第113話 マデュラ騎士団20:胡桃の木の下で
『やめろぉぉぉーー!!火を消せ!消すのだ!火を消してくれ!早く!』
初代が炎に飛び込む勢いで近づくと黒いフードを被った火刑執行人に取り押さえられる。
『離せ!!火を!!早く!火を!早く消すのだ!!あぁぁぁぁ!!!あぁぁぁぁ!!!オーロラァァァーーーー!!』
映し出された情景はセルジオが西の屋敷の厨房で見たものだった。
石窯を覗き込み爆ぜた薪を見たセルジオは炎の中で燃え盛る十字の木枠が崩れる情景に我を失った。
それは初代セルジオの悔恨が最も残った記憶の断片だった。
今、目の前にその時の情景がありありと映し出されている。
セルジオは堪らずバルドの腕をぎゅっと握った。
情景は火刑執行人を振り払おうともがく初代と一層強く抑え込む火刑執行人の姿が映し出されていた。
『おのれ!!離せっと申しているであろう!』
初代は両手を後ろへ回した。
黒々とした人型の靄が一層鮮明になり、ニヤリとほくそ笑んでいる。
「我はこの時、己を失った。黒魔女の思うつぼであった。怒りに満ち、己を失った我であれば黒魔女は易々と我を憑代とでき得る。だが・・・・」
ゴロリッ・・・・
重たい何かが転がる音に燃え盛る炎に歓喜の声を上げていた人々の声が消えた。
『火を消せと申したであろうっ!』
怒りに満ちた初代の顔が炎に照らされ怪しい色を帯びている。
両手に握られた短剣から血が滴り下りていた。
情景に映る初代の足元に黒いフードを被った火刑執行人の首が転がり、血しぶきを上げた胴体がピクピクと痙攣している。

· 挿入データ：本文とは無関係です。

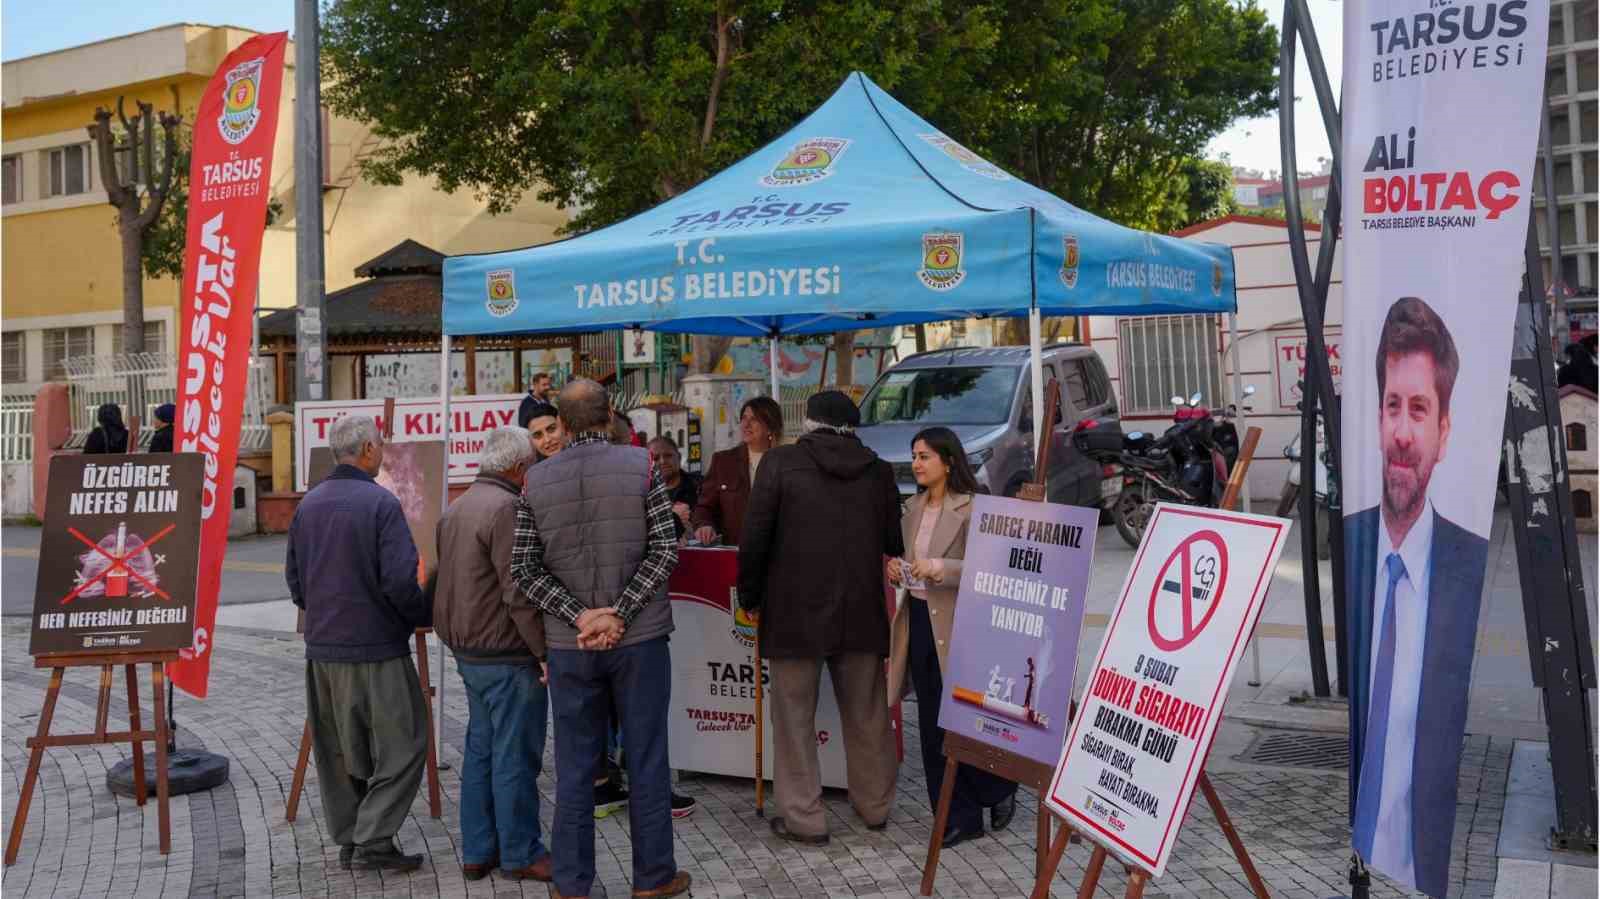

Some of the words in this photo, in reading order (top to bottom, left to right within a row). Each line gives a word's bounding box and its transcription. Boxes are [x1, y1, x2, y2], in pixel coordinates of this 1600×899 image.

[1371, 0, 1527, 56] TARSUS
[1373, 43, 1523, 82] BELEDİYESİ
[1363, 126, 1416, 172] ALİ
[203, 157, 262, 185] TARSUS
[751, 194, 780, 203] T.C.
[1363, 171, 1520, 219] BOLTAÇ
[671, 202, 851, 229] TARSUS
[1427, 215, 1476, 231] BAŞKANI
[675, 239, 725, 265] T.C.
[208, 235, 235, 319] Var
[1106, 261, 1146, 289] TARSUS
[574, 276, 674, 309] TARSUS
[182, 212, 224, 453] RSUS'TA
[1281, 341, 1341, 362] TÜK
[82, 462, 171, 489] ÖZGÜRCE
[69, 491, 128, 515] NEFES
[134, 490, 178, 513] ALIN
[979, 512, 1025, 539] SADECE
[1027, 520, 1084, 549] PARANIZ
[1009, 547, 1043, 574] DEĞİL
[1051, 586, 1069, 611] DE
[39, 613, 65, 629] HER
[69, 608, 132, 628] NEFESİNİZ
[136, 605, 187, 625] DEĞERLİ
[991, 605, 1044, 638] YANIYOR
[707, 661, 770, 685] TARS
[1134, 654, 1145, 674] 9
[1143, 657, 1179, 687] ŞUBAT
[687, 708, 757, 724] TARSUS'TA
[1093, 666, 1137, 711] DÜNYA
[1135, 684, 1206, 740] SİGARAYI
[696, 721, 733, 732] Gelecek
[734, 720, 753, 732] Var
[1094, 704, 1144, 748] BIRAKMA
[1142, 727, 1179, 764] GÜNÜ
[1081, 731, 1114, 765] SİGARAYI
[1110, 748, 1136, 779] BIRAK,
[1098, 768, 1125, 796] HAYATI
[1122, 781, 1159, 818] BIRAKMA.

「我はなんら罪のない火刑執行人の首をいとも簡単に落とした」
あれほど歓喜に湧いていた人々が少しずつ炎から遠ざかる。
短剣についた血を振り払い、鞘に収めると初代は炎に近づき、再び大声を上げた。
『火をっ!火を消してくれっ!早くっ!今ならまだ・・・・』
崩れ落ちた十字の木枠が爆ぜ炎が勢いを増した。
燃え盛る炎を今更消すことなどできないことは誰の目にも明らかだった。
初代はその場に崩れ落ちた。
『なぜだ・・・・なぜ・・・・こんな・・・オーロラが・・・・』
初代の背後にうごめく黒々とした人型の靄は初代の中へ入りこもうと頃合いを見計らっている。
そこへ天幕で腰を下ろしていた赤い髪、赤い瞳、がっしりとした体躯に重装備の鎧を纏った騎士が5人の従士を従え初代に近づいてきた。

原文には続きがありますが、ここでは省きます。